The greatest worry, Fuller notes, is that “there are no new drugs to take the place of artemisinin-based combinations and no immediate prospects under development.”

“Scientists have documented how malarial parasites that were resistant to chloroquine in the 1950s spread across Thailand, Burma, India and over to Africa, where a vast majority of the nearly one million annual malaria-related deaths occur. To prevent a recurrence with artemisinin therapies, the United States has put aside political considerations and approved a malaria monitoring center in military-run Myanmar, formerly Burma. The Bill and Melinda Gates Foundation, one of the largest donors to malaria research, is giving $14 million to the Thai and Cambodian governments to help pay for a containment program.”

The only way to stop malaria from becoming drug-resistant is to eradicate the disease. That, of course, is easier said than done. The Economist reports that there are also efforts to create a malaria vaccine [“A jab of hope,” 13 December 2008 print edition]. The article discusses a vaccine trial taking place in Tanzania.
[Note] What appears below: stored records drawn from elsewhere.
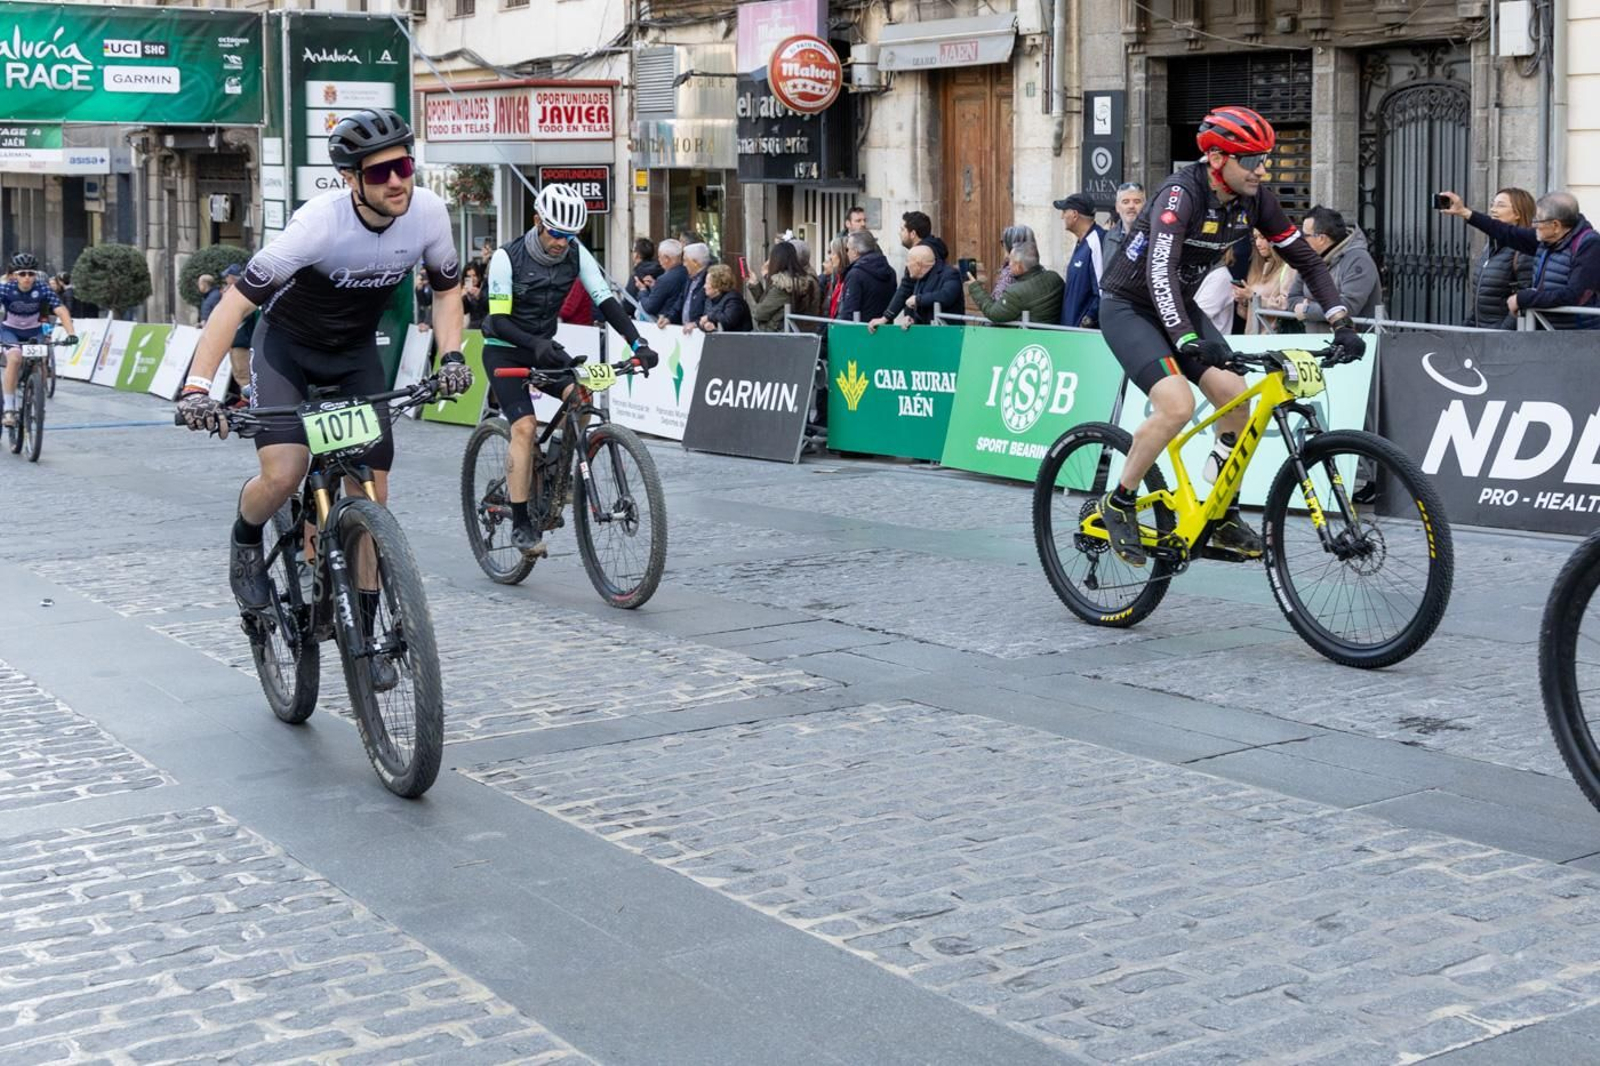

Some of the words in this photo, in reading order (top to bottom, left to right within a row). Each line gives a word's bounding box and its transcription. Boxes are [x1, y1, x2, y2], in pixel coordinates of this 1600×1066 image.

[111, 43, 138, 54] UCI
[144, 44, 165, 54] SHC
[302, 47, 362, 64] Andalucía
[5, 62, 94, 91] RACE
[113, 73, 172, 85] GARMIN
[781, 62, 836, 80] Mahou
[536, 92, 609, 104] OPORTUNIDADES
[427, 96, 489, 122] OPORTUNIDADES
[493, 95, 530, 135] JAVIER
[538, 105, 609, 124] JAVIER
[0, 128, 27, 136] AGE
[428, 125, 449, 134] TODO
[451, 124, 462, 133] EN
[465, 123, 490, 133] TELAS
[538, 125, 563, 133] TODO
[582, 124, 610, 132] TELAS
[1152, 232, 1183, 328] CORRECAMINOSBIKE
[588, 364, 611, 378] 637
[874, 369, 908, 390] CAJA
[1298, 361, 1322, 382] 673
[899, 393, 934, 417] JAÉN
[315, 408, 369, 445] 1071
[976, 436, 1009, 454] SPORT
[1009, 441, 1052, 459] BEARIN
[1206, 417, 1259, 519] SCOTT
[1478, 488, 1519, 506] PRO
[1534, 492, 1600, 513] HEALT
“For much of the 19th century, Bagamoyo was a dreadful place, at the heart of the east African slave trade. The very name of the Tanzanian port means ‘lay down your heart’ in Swahili. But that tragic association may be supplanted by a happier one, thanks to an important new study done in the city that shows how to tackle a killer that has long outlasted Bagamoyo’s trade in human beings. Most malaria experts have pinned their hopes of tackling that disease with new drugs, such as artemisinin-combination therapies, and the use of bed-nets impregnated with long-lasting insecticides. However, the Bagamoyo study suggests that vaccination deserves a serious look. “

The reason that the vaccination deserves a serious look, according to the article, is that it has demonstrated significant effectiveness against malaria and researchers believe that its effectiveness can be improved even more.
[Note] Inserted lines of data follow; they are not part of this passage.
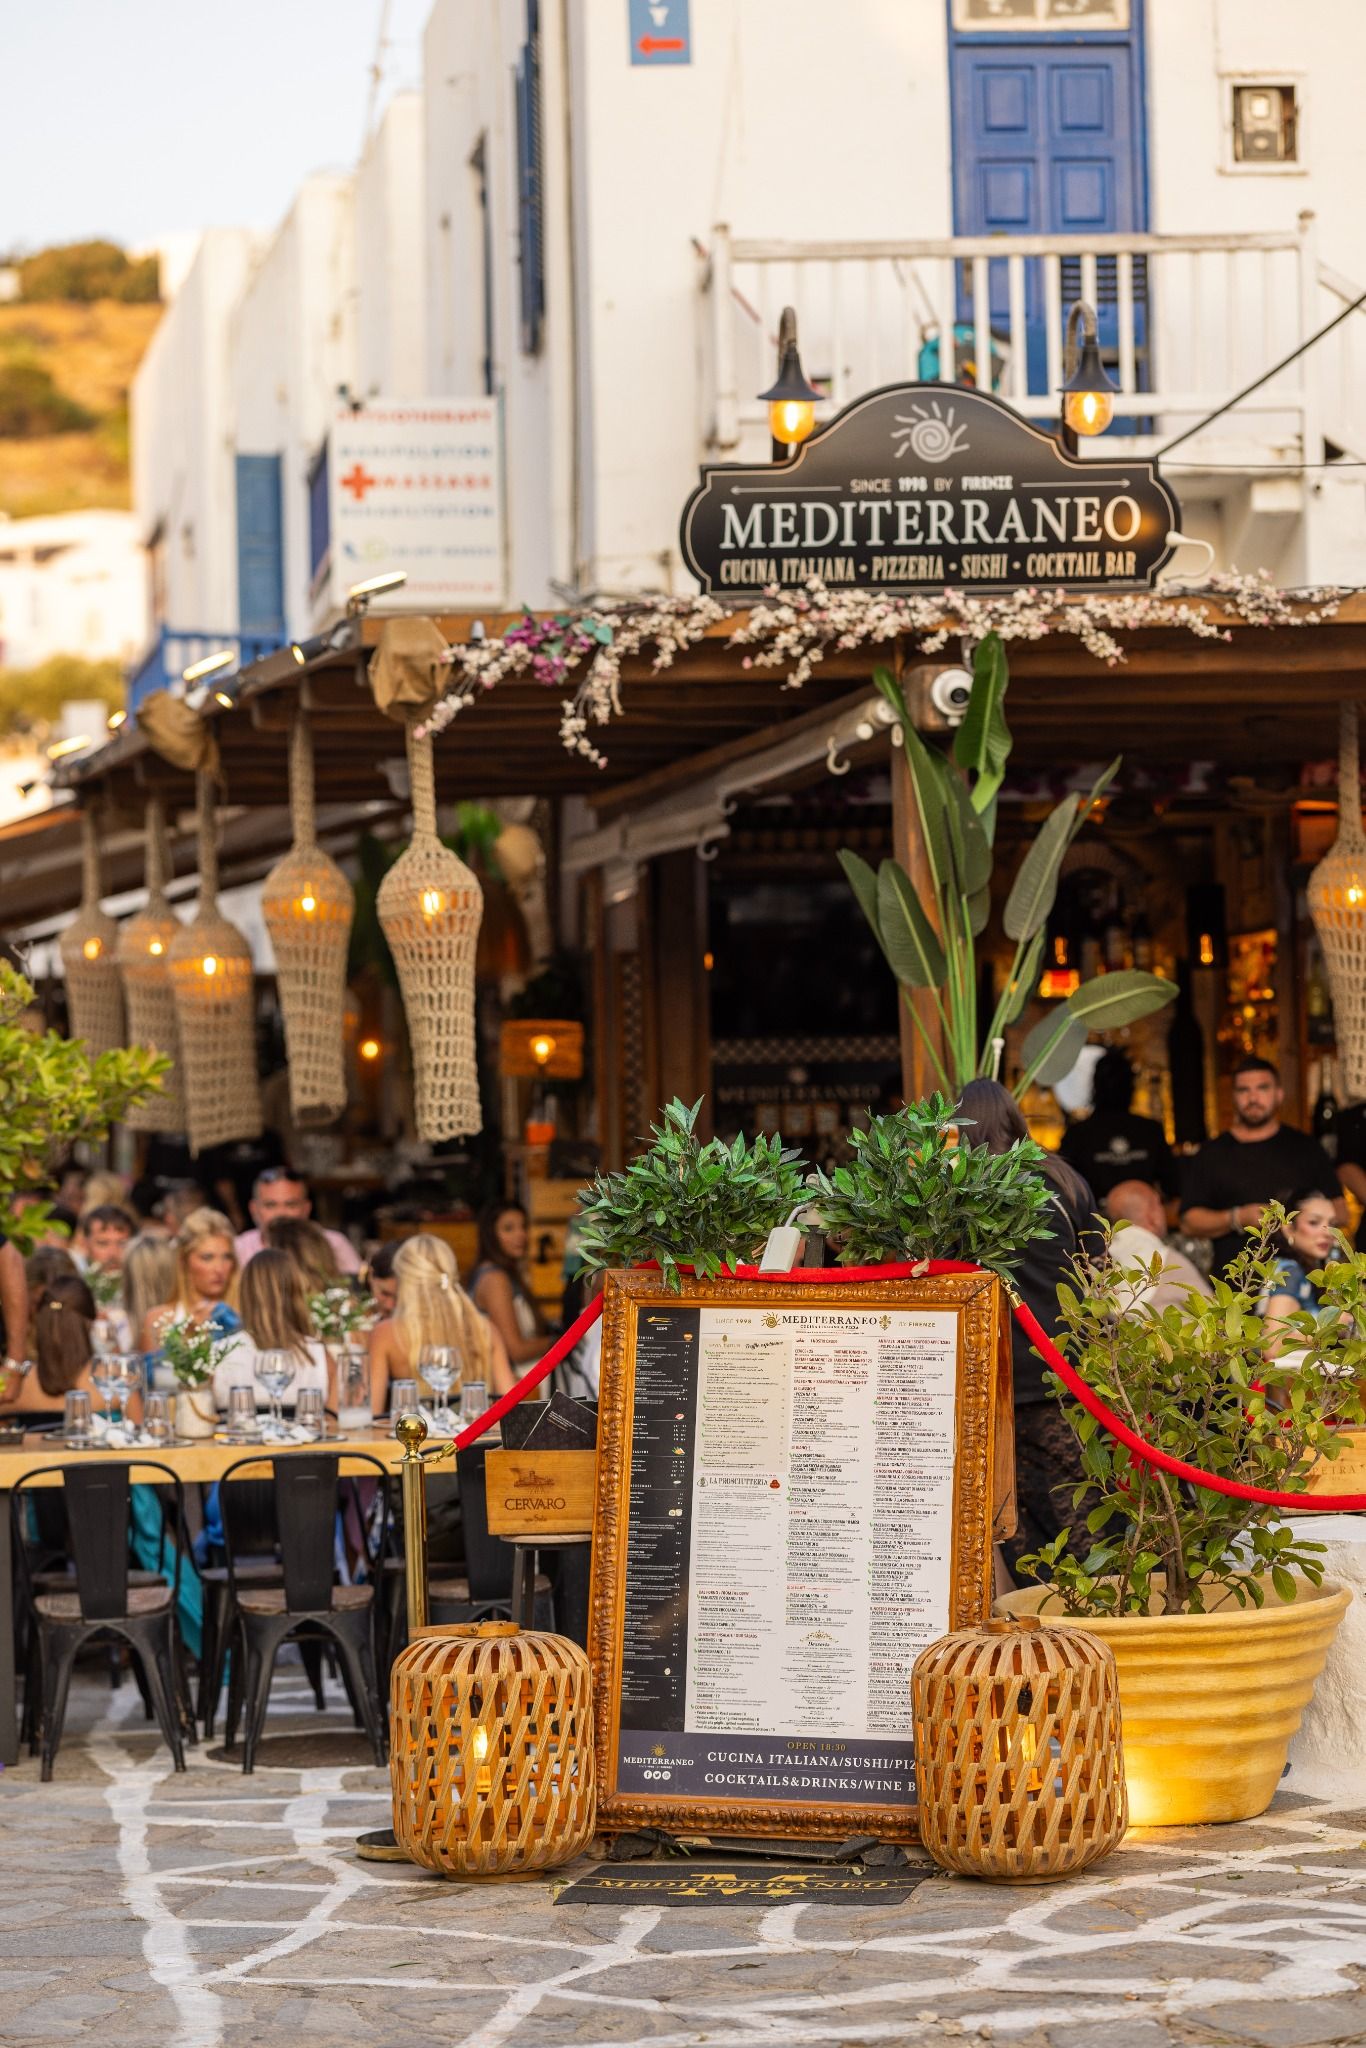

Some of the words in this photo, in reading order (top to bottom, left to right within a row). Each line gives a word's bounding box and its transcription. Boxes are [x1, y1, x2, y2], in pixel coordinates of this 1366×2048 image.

[850, 478, 892, 493] SINCE
[934, 477, 953, 492] BY
[720, 495, 1141, 549] MEDITERRANEO
[720, 558, 778, 584] CUCINA
[782, 556, 856, 583] ITALIANA
[871, 555, 944, 581] PIZZERIA
[961, 553, 1008, 578] SUSHI
[1026, 552, 1101, 578] COCKTAIL
[1105, 551, 1136, 576] BAR
[782, 1316, 877, 1325] MEDITERRANEO
[504, 1498, 566, 1510] CERVARO
[787, 1742, 816, 1750] OPEN
[624, 1756, 694, 1766] MEDITERRANEO
[707, 1751, 764, 1764] CUCINA
[704, 1773, 902, 1791] COCKTAILS&DRINKS/WINE
[598, 1880, 888, 1888] MEDITERRANEO
“Joe Cohen of GlaxoSmithKline, a British drugs giant, and his colleagues present their case for the speedy development of a malaria vaccine in [a December 2008 issue of the] New England Journal of Medicine. In earlier studies, researchers have shown that RTS,S (as the vaccine is known) showed promise, although doubts remained. Christian Loucq of the PATH Malaria Vaccine Initiative, a charity that co-sponsored the study, says some naysayers have pointed to historical difficulties in getting African governments to accept and distribute new vaccines as grounds for scepticism. Which is why the work in Bagamoyo tested whether the malaria vaccine could be integrated into African countries’ existing system for inoculating infants with a group of established vaccines. It showed that giving all the jabs simultaneously did not affect the safety or efficacy of any of the vaccines and that the malaria vaccine reduced the risk of infection by over 60%. Dr Cohen points to novel adjuvants (ingredients that increase the body’s response to vaccines) as one of the reasons why the vaccine works when many earlier versions failed. A second study in the same journal was conducted in both Tanzania and Kenya, and it shows the vaccine is indeed improved by using a better adjuvant.”

The bugaboo of the vaccine trials is the same hurdle faced by most challenges in the developing world — money. “The researchers are keen to push ahead with this improved version of RTS,S early next year, but Dr Loucq worries about funding a big final-stage clinical trial that may cost $500m or more.” Even if the money for new trials can be found, finding the money for a full-blown vaccination program in affected areas creates a much larger challenge. The important thing is that strides are being made to help those who are too poor to help themselves — even during the current financial downturn (for another example, see my post entitled Limiting the Spread of AIDS). Diseases that devastate the developing world eventually have some impact on the developed world as well. Thus, helping those who desperately need our help is also a matter of enlightened self-interest.